> [Exercise description]
Starting at the line with "this 2160×1440 image.", repeat every line exactly until the records end, including the last one.

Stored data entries
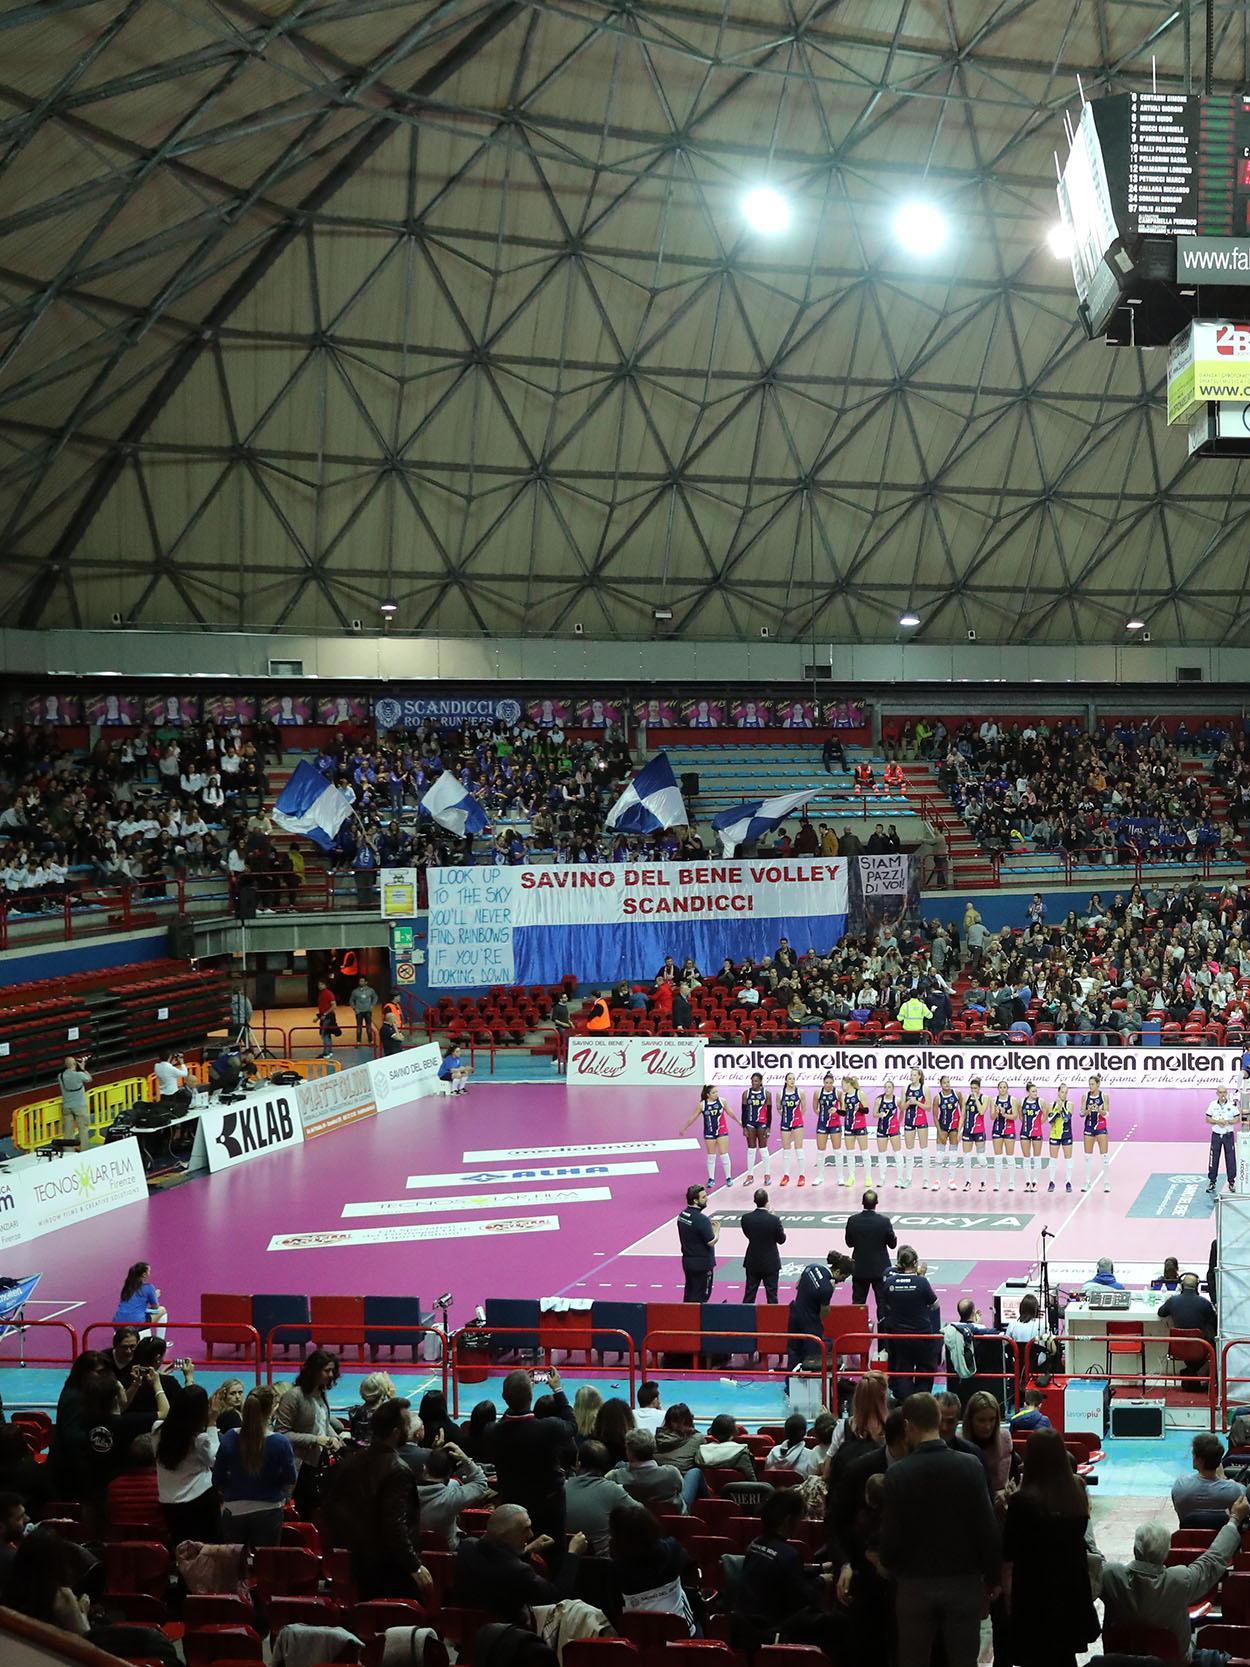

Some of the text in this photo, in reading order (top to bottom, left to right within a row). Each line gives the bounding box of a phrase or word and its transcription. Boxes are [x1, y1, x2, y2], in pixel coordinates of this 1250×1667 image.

[404, 700, 493, 714] SCANDICCI
[861, 856, 901, 869] SIAM
[439, 868, 500, 885] LOOK UP
[520, 864, 839, 889] SAVINO DEL BENE VOLLEY
[867, 869, 903, 882] PAZZI
[434, 886, 513, 905] TO THE SKY
[866, 884, 878, 893] DI
[430, 908, 512, 926] YOU'LL NEVER
[430, 927, 510, 945] FIND RAINBOWS
[435, 948, 502, 965] IF YOU'RE
[431, 968, 510, 984] LOOKING DOWN
[572, 1048, 622, 1077] Volley
[641, 1048, 691, 1077] Volley
[714, 1051, 793, 1069] molten
[800, 1051, 877, 1069] molten
[885, 1051, 963, 1070] molten
[971, 1052, 1049, 1071] molten
[1057, 1052, 1136, 1071] molten
[1144, 1053, 1224, 1071] molten
[389, 1058, 438, 1081] SAVINO DEL BENE
[1141, 1074, 1224, 1086] For the game
[239, 1098, 294, 1153] KLAB
[110, 1158, 134, 1178] FILM
[110, 1176, 136, 1190] Firenze
[38, 1214, 61, 1226] WINDOW
[86, 1198, 109, 1210] CREATIVE
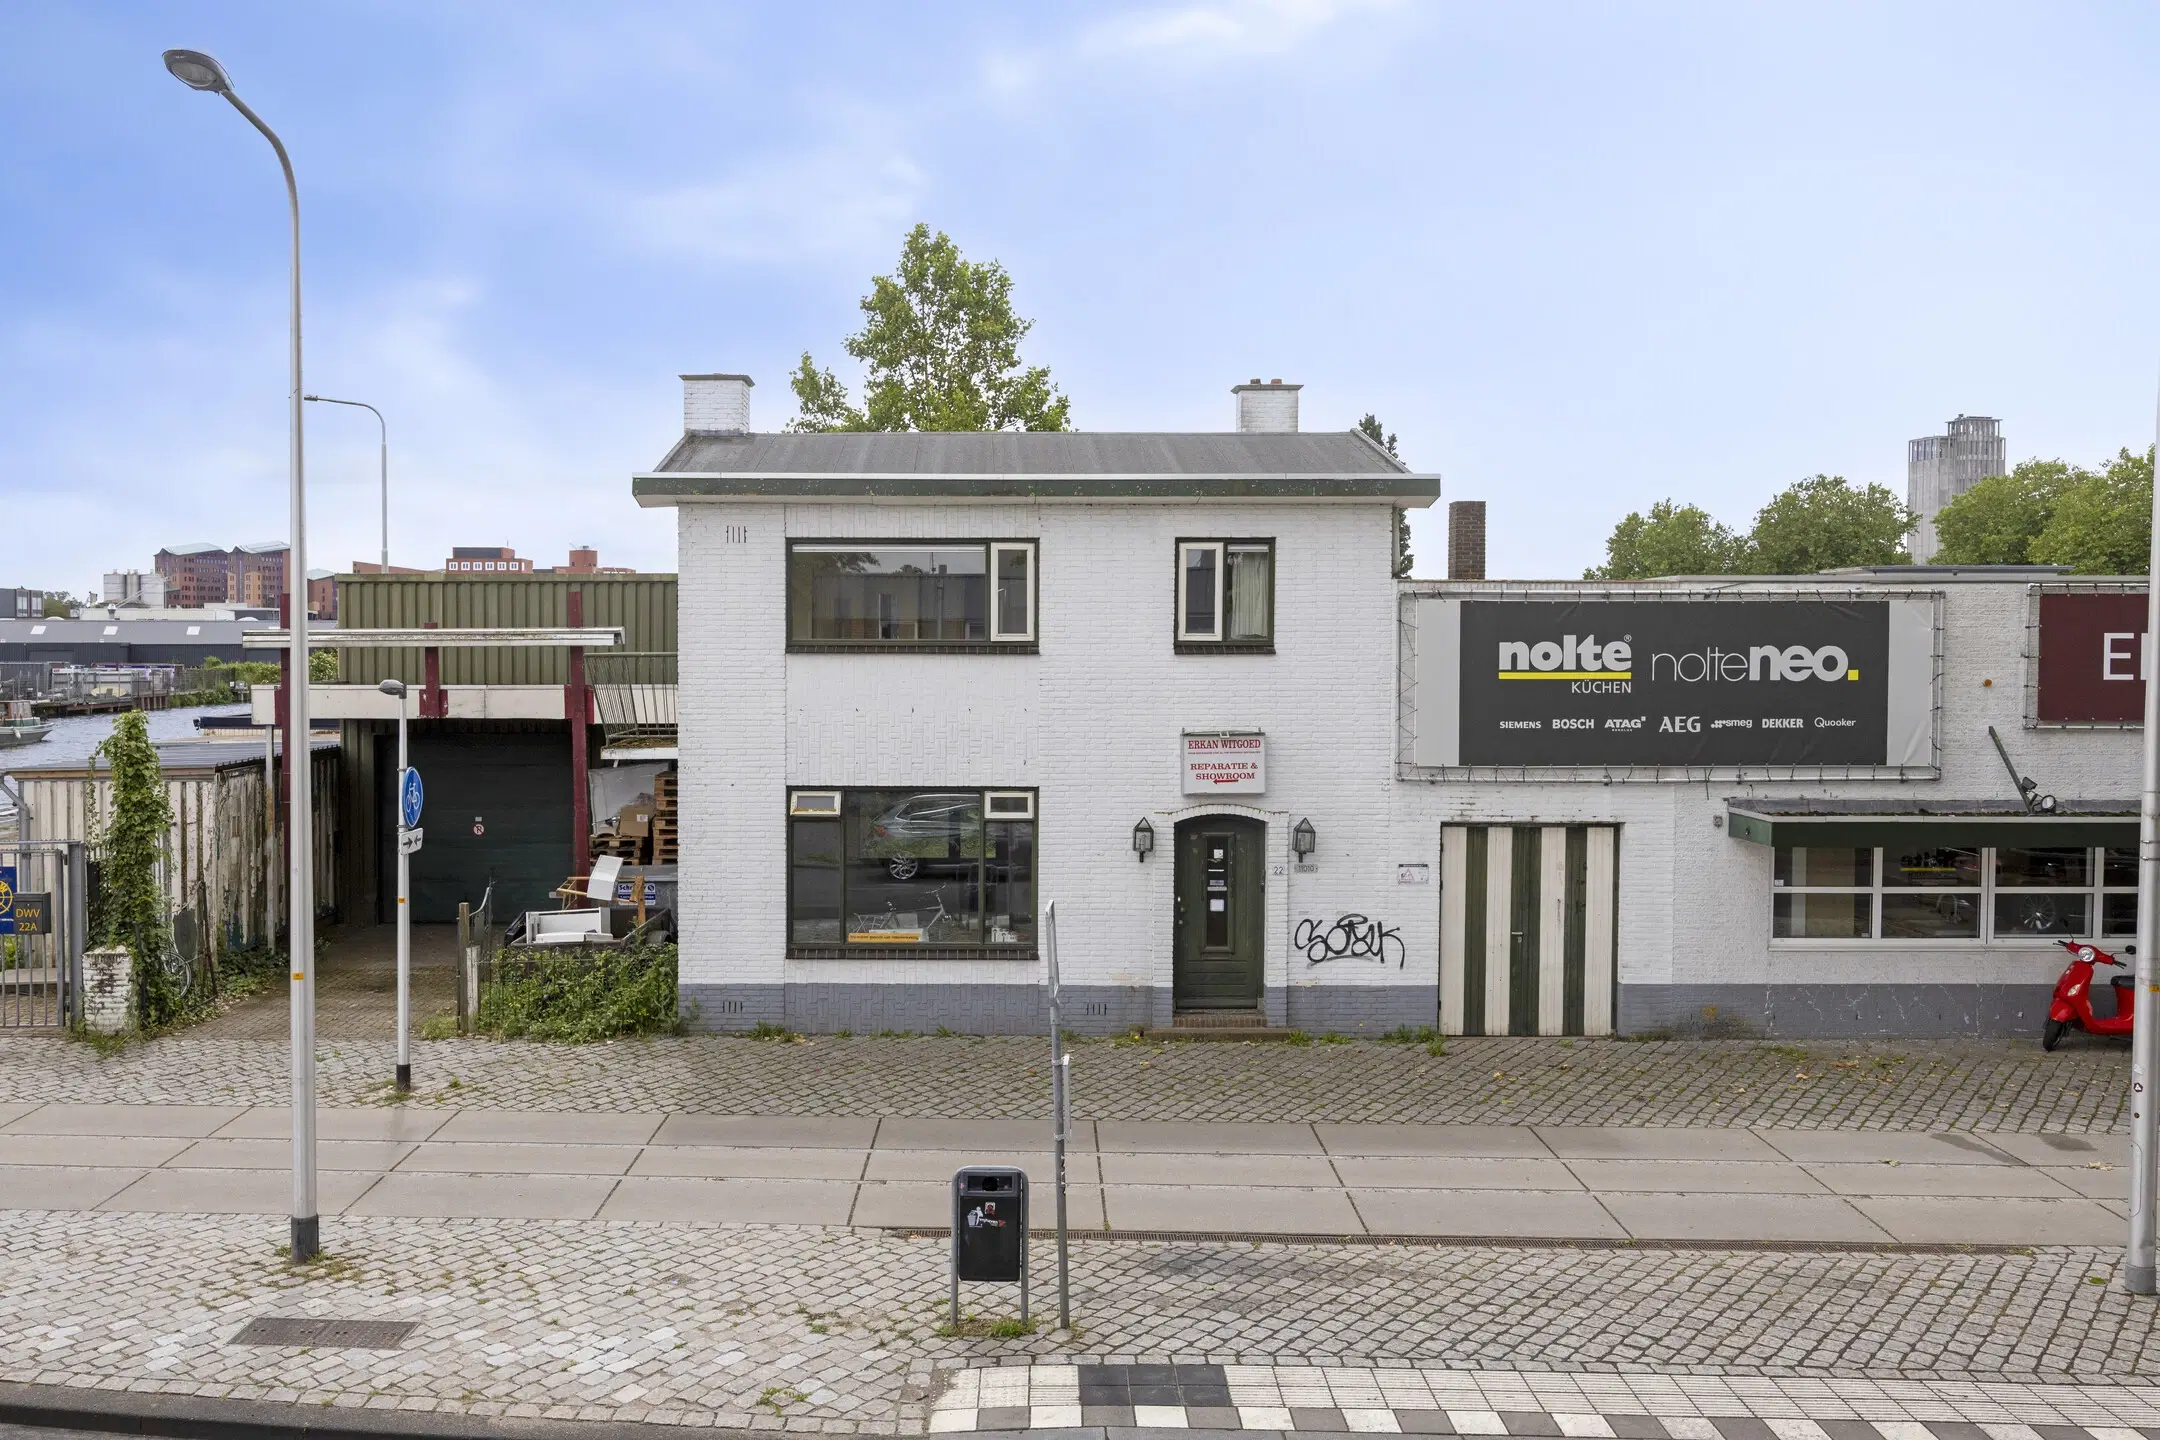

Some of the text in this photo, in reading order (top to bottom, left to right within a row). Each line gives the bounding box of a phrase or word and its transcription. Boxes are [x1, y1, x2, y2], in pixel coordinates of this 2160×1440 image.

[1571, 679, 1632, 694] KÜCHEN
[1500, 720, 1542, 729] SIEMENS
[1552, 718, 1595, 730] BOSCH
[1604, 718, 1642, 729] ATAG
[1659, 716, 1701, 733] AEG
[1762, 718, 1804, 729] DEKKER
[1814, 717, 1857, 728] Quooker
[1188, 739, 1261, 750] ERKAN WITGOED
[1190, 762, 1258, 771] REPARATIE &
[1195, 772, 1255, 780] SHOWROOM
[1273, 866, 1284, 875] 22
[15, 908, 41, 918] DWV
[19, 922, 38, 932] 22A

> [Expected output]
Some of the text in this photo, in reading order (top to bottom, left to right within a row). Each line gives the bounding box of a phrase or word and its transcription. Boxes are [x1, y1, x2, y2], in pixel coordinates of this 2160×1440 image.

[1571, 679, 1632, 694] KÜCHEN
[1500, 720, 1542, 729] SIEMENS
[1552, 718, 1595, 730] BOSCH
[1604, 718, 1642, 729] ATAG
[1659, 716, 1701, 733] AEG
[1762, 718, 1804, 729] DEKKER
[1814, 717, 1857, 728] Quooker
[1188, 739, 1261, 750] ERKAN WITGOED
[1190, 762, 1258, 771] REPARATIE &
[1195, 772, 1255, 780] SHOWROOM
[1273, 866, 1284, 875] 22
[15, 908, 41, 918] DWV
[19, 922, 38, 932] 22A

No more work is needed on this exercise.